Current trials include cancer-related testing for human papillomavirus, or HPV, among women across India. As well, FlexBioTech is working domestically to support hospitals in reducing re-admission rates among patients who are discharged but may lack adequate health monitoring during their recovery.
Blain Christen’s key goal for her new fellowship is securing Federal Drug Administration approval for their work. She says the process demands a lot of product testing and an incredible amount of documentation, which requires more focused time than she could offer in the context of academic life without the Fulton Entrepreneurial Professors program.
“Jennifer demonstrates tremendous dedication to improving public health through the pursuit of novel engineering,” Sebold says. “So, it has been exciting to witness her venture development journey. It is exactly these types of multidisciplinary collaborations that deliver impactful scientific innovations.”

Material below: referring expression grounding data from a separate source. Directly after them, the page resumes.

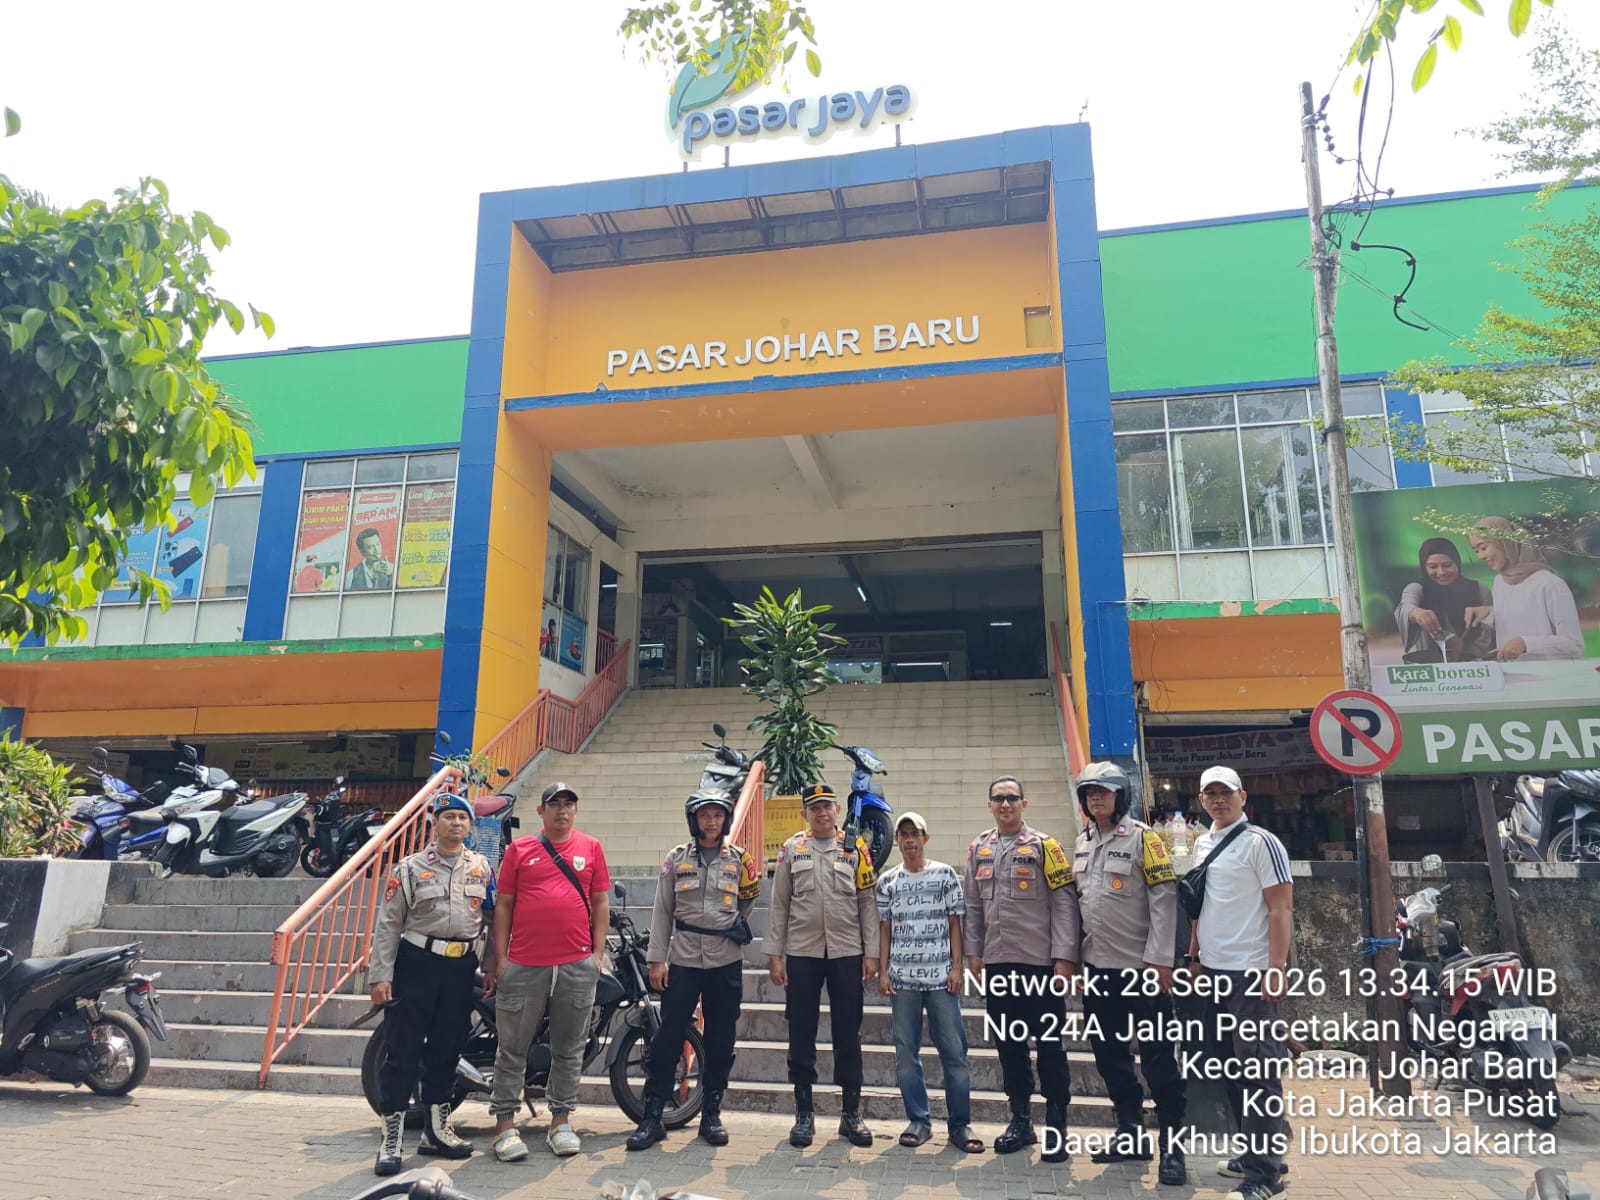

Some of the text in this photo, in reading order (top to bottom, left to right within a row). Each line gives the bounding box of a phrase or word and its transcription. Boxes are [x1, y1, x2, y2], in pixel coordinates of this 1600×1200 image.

[683, 84, 912, 154] pasar jaya
[606, 315, 981, 376] PASAR JOHAR BARU
[1392, 665, 1490, 683] kara borasi
[1218, 751, 1243, 762] Johar
[1013, 856, 1037, 865] POLRI
[1107, 850, 1132, 860] POLRI
[895, 881, 924, 894] LEVIS
[910, 967, 940, 979] LEVIS

Making connections for venture development
The new Fulton Entrepreneurial Professors fellowships are only just beginning, but the program has already extended meaningful support to Bertoni and Blain Christen. Crystal Sonic has been connected with a venture capital group in Boston that focuses on early equity investments to foster technical solutions through the application of hard sciences. Similarly, FlexBioTech has connected with a San Francisco-based group that invests in the development of health care innovation.
“These valuable connections are not just about money,” Holman says. “They also potentially bring access to talented people who offer expert advice or may even join a venture in a full-time capacity.”
Holman says that guidance on nuts and bolts issues is an important part of the fellowship program.
“Whether it’s finding a template for a mutual non-disclosure agreement or a benchmark for an appropriate amount of company equity to offer to newly hired staff, there are people within ASU and across the country who have answers built on relevant experience,” he says.
He also says that it’s easier to motivate support when a business contact knows they are dealing with a Fulton Entrepreneurial Professors fellowship winner, which means someone who is working on innovation with real-world significance and a venture that is already on the road to success.
Bertoni says, “ASU and the Fulton Schools really promote the efforts of faculty who want to make their research matter and get their ideas out there in the world. This is fantastic because many other universities don’t do so. But beyond specific ventures, this culture elevates the mindset of students. They see professors innovating and applying their work to better society, and that gets everyone’s creative juices flowing.”